DATA EXTRACTS: Begin

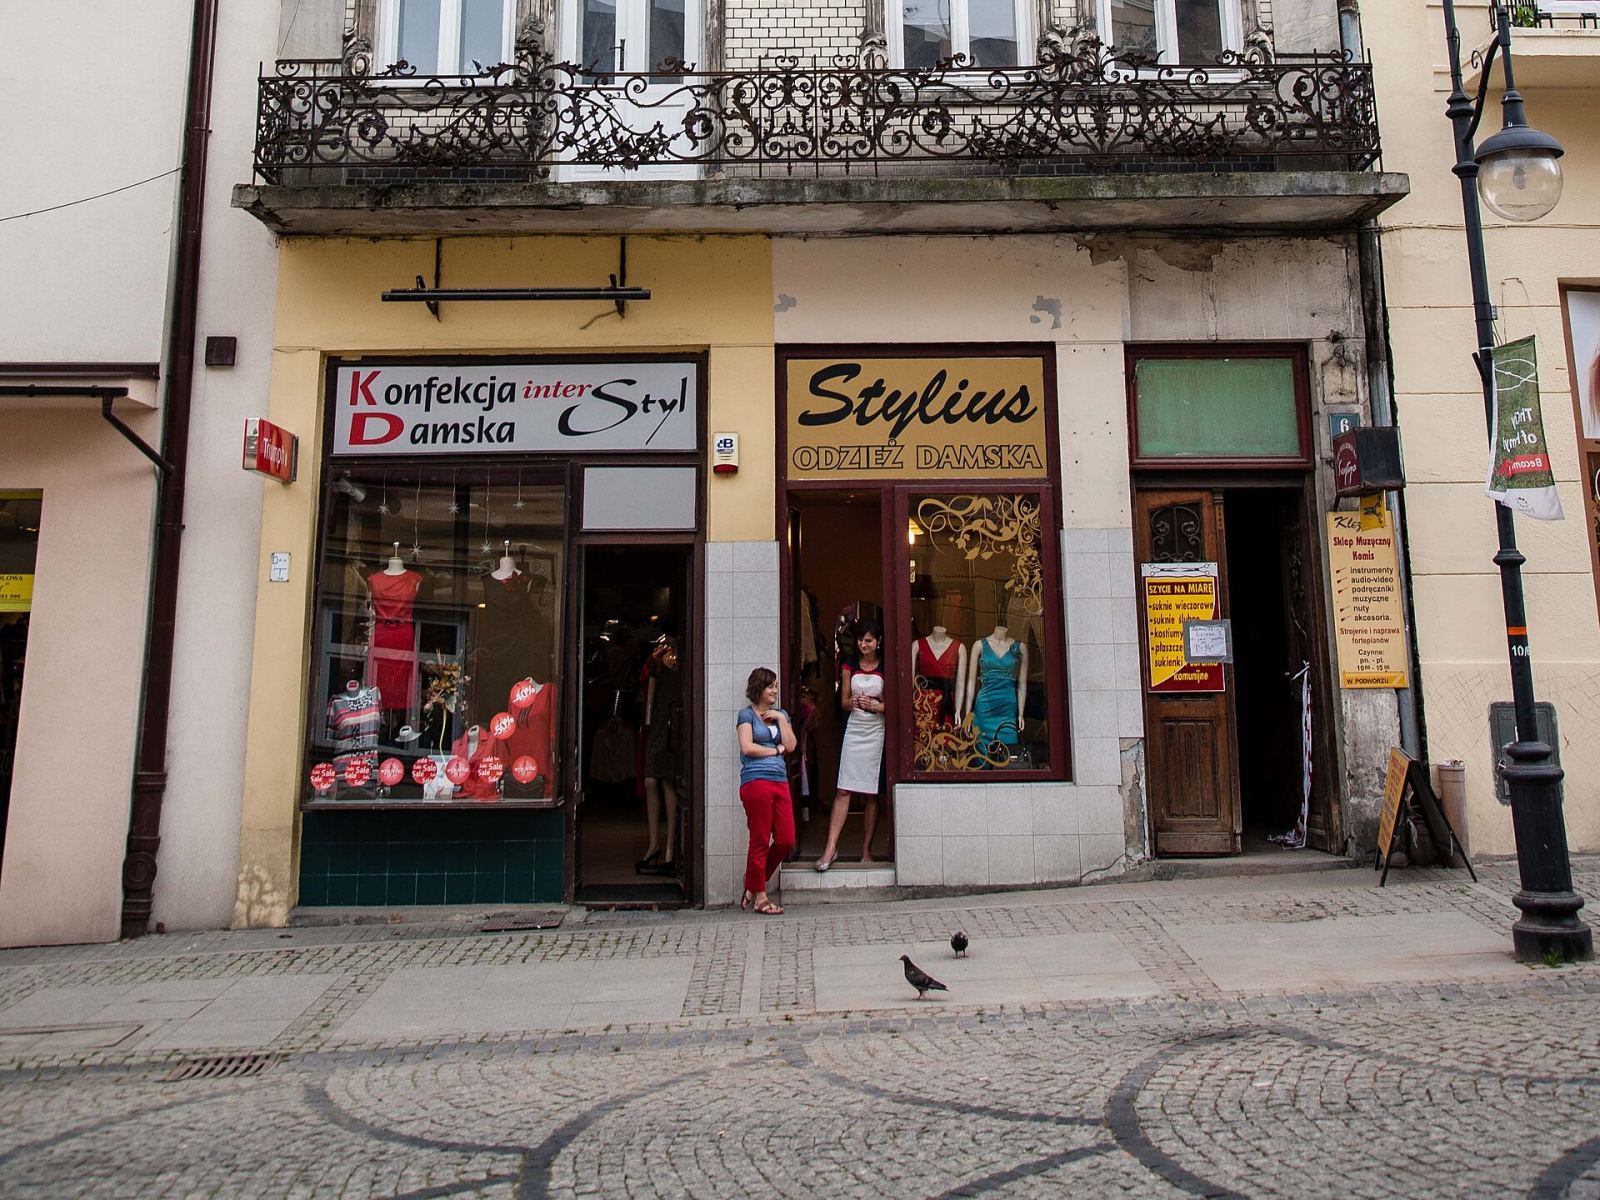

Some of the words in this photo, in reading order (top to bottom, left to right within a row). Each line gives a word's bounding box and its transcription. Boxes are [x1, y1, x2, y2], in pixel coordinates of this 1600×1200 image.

[350, 370, 516, 411] Konfekcja
[798, 363, 1038, 439] Stylius
[522, 380, 593, 399] inter
[558, 377, 688, 445] Styl
[348, 412, 516, 445] Damska
[793, 438, 904, 470] ODZIEŻ
[916, 445, 1043, 469] DAMSKA
[1333, 537, 1354, 548] Sklep
[1356, 536, 1391, 548] Muzyczny
[1352, 550, 1375, 561] Komis
[1351, 576, 1394, 584] audio-video
[1149, 584, 1171, 594] SZYCIE
[1174, 584, 1186, 594] NA
[1351, 585, 1394, 594] podręczniki
[1152, 600, 1172, 610] suknie
[1175, 600, 1214, 610] wieczorowe
[1352, 596, 1389, 604] muzyczne
[1353, 605, 1370, 613] nuty
[1153, 613, 1175, 624] suknie
[1154, 627, 1184, 641] kostiumy
[1340, 627, 1368, 636] Strojenie
[1373, 628, 1400, 636] naprawa
[1352, 637, 1390, 645] fortepianów
[356, 765, 370, 774] Sale
[422, 763, 437, 772] Sale
[488, 762, 503, 771] Sale
[412, 770, 424, 778] Sale
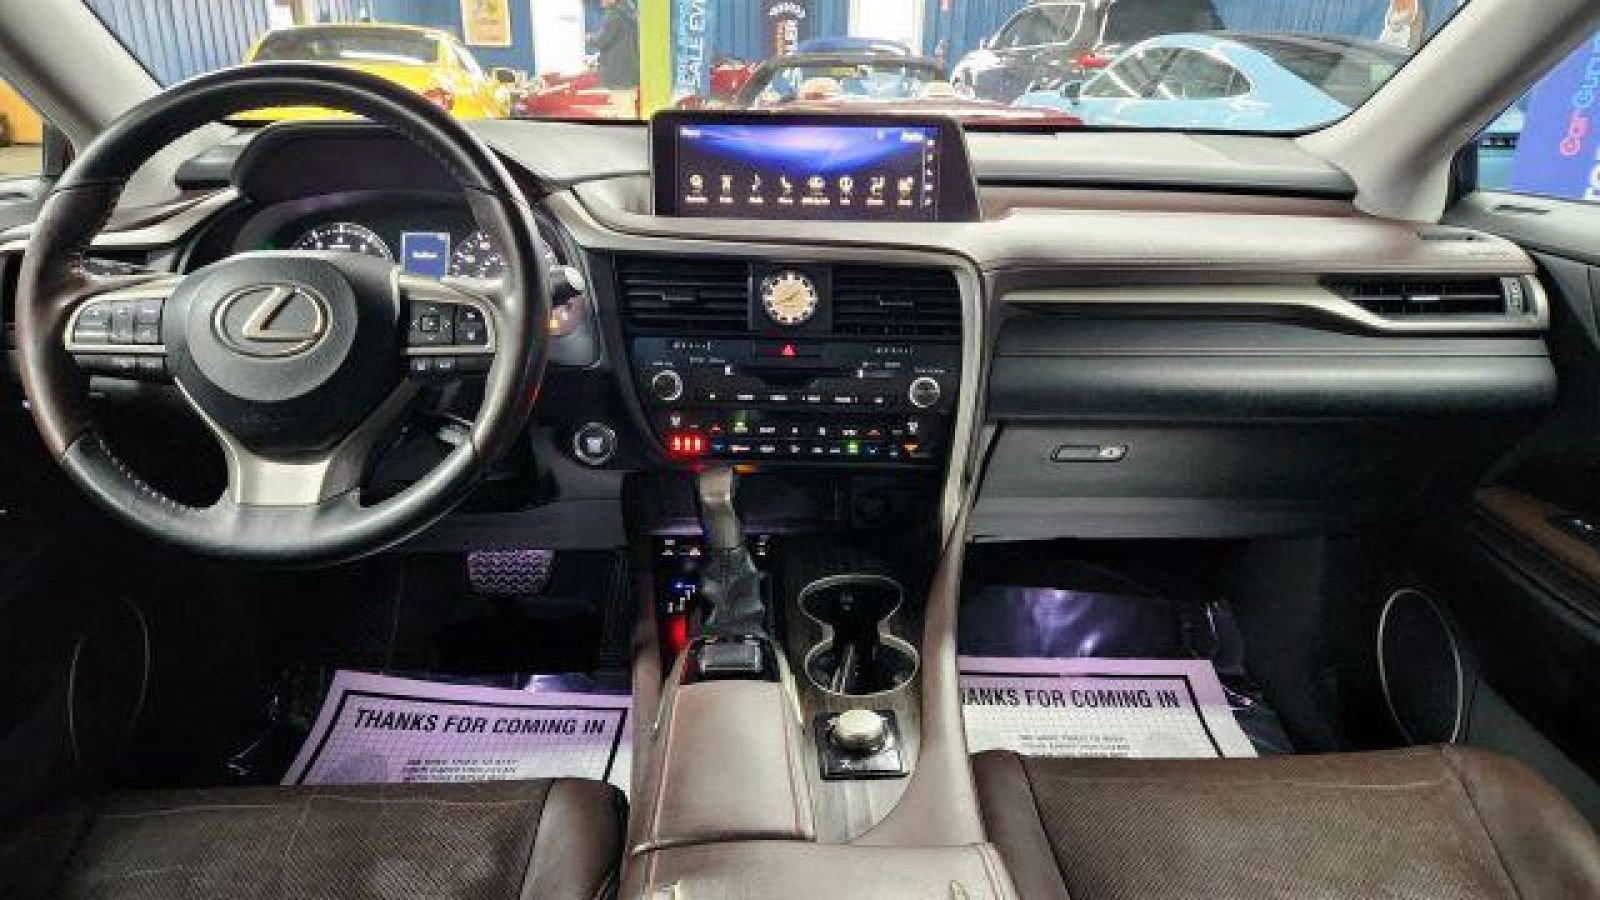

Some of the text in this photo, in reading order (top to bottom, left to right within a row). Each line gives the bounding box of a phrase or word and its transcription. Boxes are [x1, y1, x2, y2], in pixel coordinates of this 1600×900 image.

[1024, 689, 1066, 708] FOR
[1070, 689, 1153, 708] COMING
[1155, 689, 1180, 708] IN
[354, 708, 606, 736] THANKS FOR COMING IN
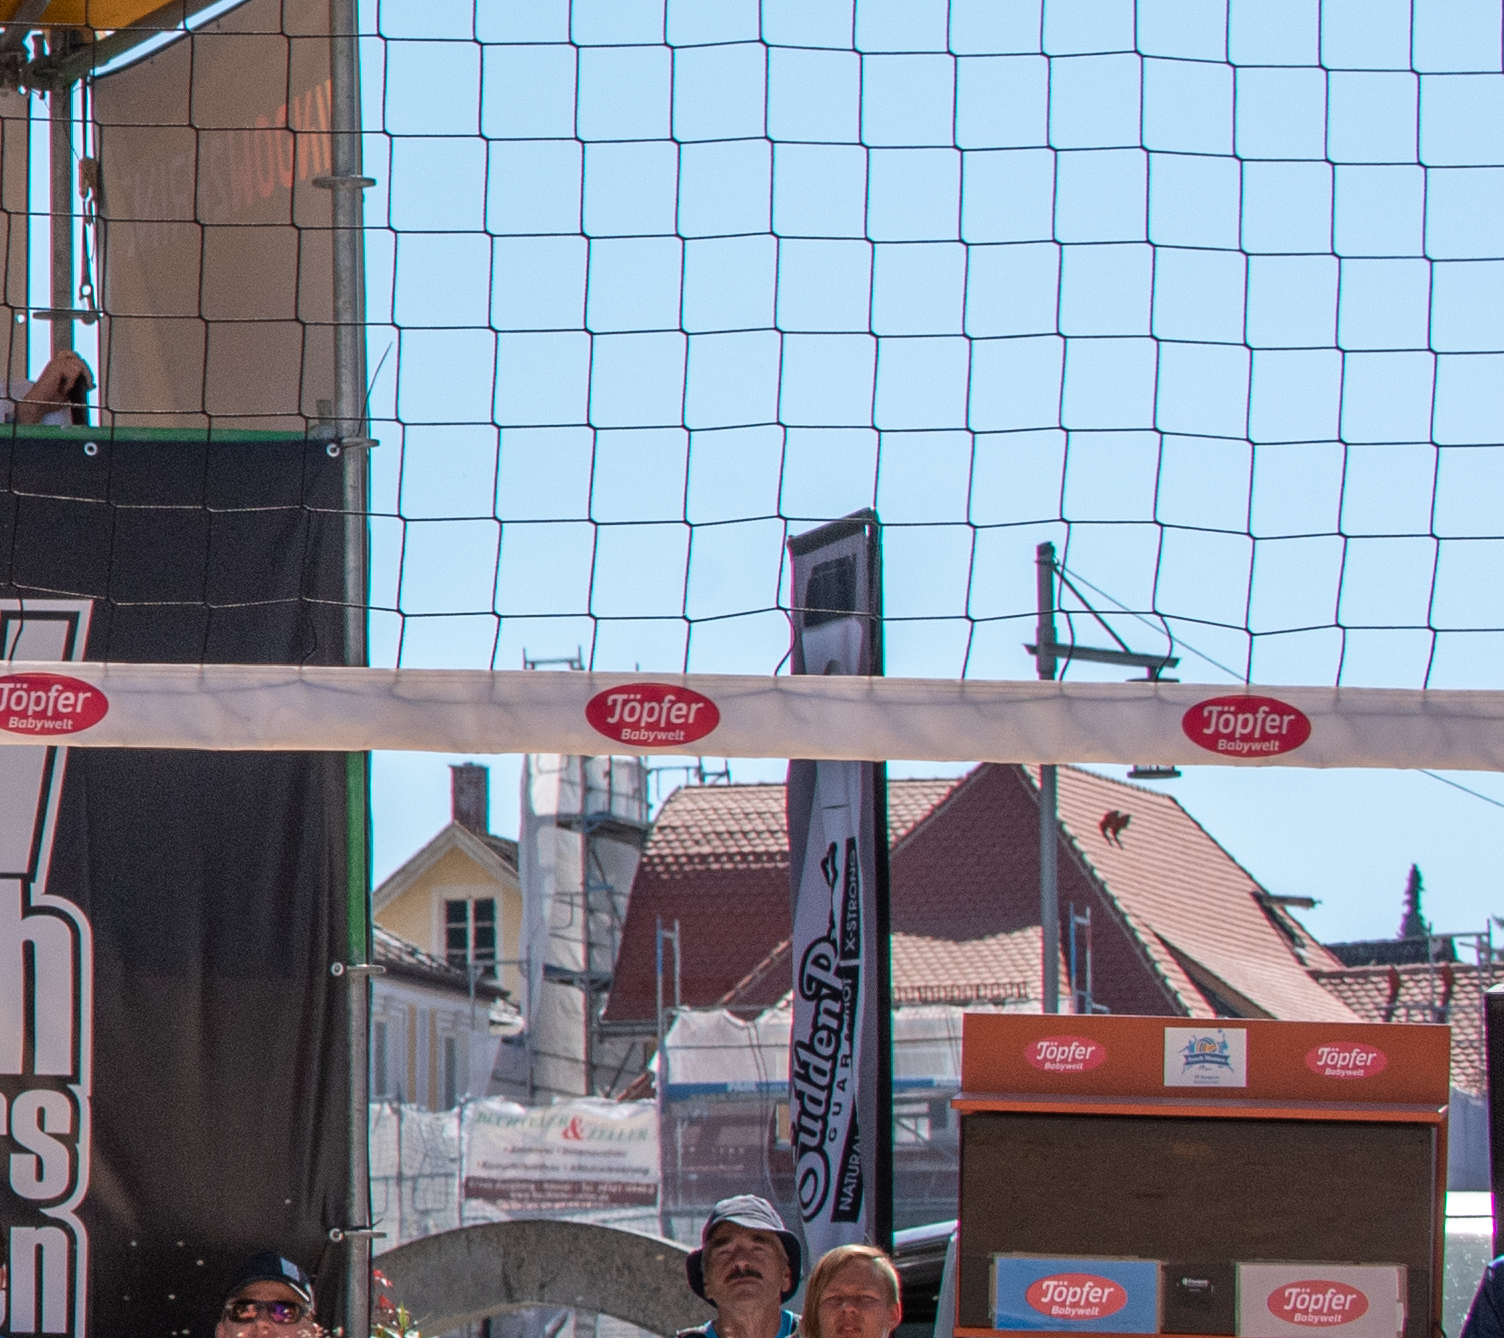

DATA EXTRACTS: End

> EXERCISE AIM
Could you restate the material word for word, skipping any pictures it holds?

> ANSWER TO THIS EXERCISE
Some of the words in this photo, in reading order (top to bottom, left to right within a row). Each line gives a word's bounding box and its transcription. Boxes are [x1, y1, x2, y2], in pixel coordinates of this 1600×1200 image.

[350, 370, 516, 411] Konfekcja
[798, 363, 1038, 439] Stylius
[522, 380, 593, 399] inter
[558, 377, 688, 445] Styl
[348, 412, 516, 445] Damska
[793, 438, 904, 470] ODZIEŻ
[916, 445, 1043, 469] DAMSKA
[1333, 537, 1354, 548] Sklep
[1356, 536, 1391, 548] Muzyczny
[1352, 550, 1375, 561] Komis
[1351, 576, 1394, 584] audio-video
[1149, 584, 1171, 594] SZYCIE
[1174, 584, 1186, 594] NA
[1351, 585, 1394, 594] podręczniki
[1152, 600, 1172, 610] suknie
[1175, 600, 1214, 610] wieczorowe
[1352, 596, 1389, 604] muzyczne
[1353, 605, 1370, 613] nuty
[1153, 613, 1175, 624] suknie
[1154, 627, 1184, 641] kostiumy
[1340, 627, 1368, 636] Strojenie
[1373, 628, 1400, 636] naprawa
[1352, 637, 1390, 645] fortepianów
[356, 765, 370, 774] Sale
[422, 763, 437, 772] Sale
[488, 762, 503, 771] Sale
[412, 770, 424, 778] Sale

Some of the text in this photo, in reading order (top to bottom, left to right within a row). Each line gives the bounding box of a phrase or word and its transcription. Boxes are [x1, y1, x2, y2], in pixel coordinates of this 1600×900 image.

[1024, 689, 1066, 708] FOR
[1070, 689, 1153, 708] COMING
[1155, 689, 1180, 708] IN
[354, 708, 606, 736] THANKS FOR COMING IN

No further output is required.